╔══

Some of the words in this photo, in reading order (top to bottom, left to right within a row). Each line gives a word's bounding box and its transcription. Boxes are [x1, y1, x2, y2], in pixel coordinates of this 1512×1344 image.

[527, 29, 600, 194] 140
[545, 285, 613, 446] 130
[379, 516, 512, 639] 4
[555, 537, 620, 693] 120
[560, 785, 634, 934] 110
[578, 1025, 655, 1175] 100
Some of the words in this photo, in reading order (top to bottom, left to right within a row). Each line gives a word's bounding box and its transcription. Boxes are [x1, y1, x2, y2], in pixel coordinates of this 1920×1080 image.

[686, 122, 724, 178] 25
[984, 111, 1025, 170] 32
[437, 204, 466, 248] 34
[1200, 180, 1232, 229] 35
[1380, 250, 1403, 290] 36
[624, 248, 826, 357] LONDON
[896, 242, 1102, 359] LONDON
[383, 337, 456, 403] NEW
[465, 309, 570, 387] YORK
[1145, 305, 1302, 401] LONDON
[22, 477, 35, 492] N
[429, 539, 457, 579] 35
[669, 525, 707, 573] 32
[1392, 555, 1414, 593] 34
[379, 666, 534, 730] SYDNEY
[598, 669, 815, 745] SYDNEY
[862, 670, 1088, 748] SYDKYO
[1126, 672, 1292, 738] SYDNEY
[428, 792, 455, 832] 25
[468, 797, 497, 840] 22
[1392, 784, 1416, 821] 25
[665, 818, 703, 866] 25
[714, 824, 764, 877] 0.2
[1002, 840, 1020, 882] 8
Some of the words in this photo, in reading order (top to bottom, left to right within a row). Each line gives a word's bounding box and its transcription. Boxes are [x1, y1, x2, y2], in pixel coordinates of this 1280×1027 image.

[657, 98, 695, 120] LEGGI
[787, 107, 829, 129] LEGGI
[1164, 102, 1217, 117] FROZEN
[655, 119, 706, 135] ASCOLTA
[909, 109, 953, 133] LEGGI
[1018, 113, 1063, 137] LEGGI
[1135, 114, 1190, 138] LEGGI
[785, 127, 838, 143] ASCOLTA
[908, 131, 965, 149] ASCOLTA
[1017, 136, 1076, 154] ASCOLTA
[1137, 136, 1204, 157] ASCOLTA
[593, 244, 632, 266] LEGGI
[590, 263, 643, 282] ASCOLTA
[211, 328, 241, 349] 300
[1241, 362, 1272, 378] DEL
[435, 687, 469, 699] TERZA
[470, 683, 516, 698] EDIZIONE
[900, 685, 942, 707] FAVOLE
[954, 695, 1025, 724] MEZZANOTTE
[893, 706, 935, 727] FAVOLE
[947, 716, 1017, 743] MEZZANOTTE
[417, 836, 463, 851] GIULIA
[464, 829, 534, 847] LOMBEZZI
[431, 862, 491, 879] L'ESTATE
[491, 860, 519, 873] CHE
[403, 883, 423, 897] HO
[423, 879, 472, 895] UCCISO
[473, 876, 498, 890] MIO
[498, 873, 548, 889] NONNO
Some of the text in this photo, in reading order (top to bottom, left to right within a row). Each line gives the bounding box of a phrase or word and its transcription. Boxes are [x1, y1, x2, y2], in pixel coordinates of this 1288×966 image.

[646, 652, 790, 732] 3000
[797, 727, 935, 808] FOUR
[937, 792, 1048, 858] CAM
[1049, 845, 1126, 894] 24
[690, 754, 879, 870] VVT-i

╚══

Exercise directions:
Everything from the line with "Some of the text" to the last line of the entries above is to be retyped exactly. Include both ends.

Your solution:
Some of the text in this photo, in reading order (top to bottom, left to right within a row). Each line gives the bounding box of a phrase or word and its transcription. Boxes are [x1, y1, x2, y2], in pixel coordinates of this 1288×966 image.

[646, 652, 790, 732] 3000
[797, 727, 935, 808] FOUR
[937, 792, 1048, 858] CAM
[1049, 845, 1126, 894] 24
[690, 754, 879, 870] VVT-i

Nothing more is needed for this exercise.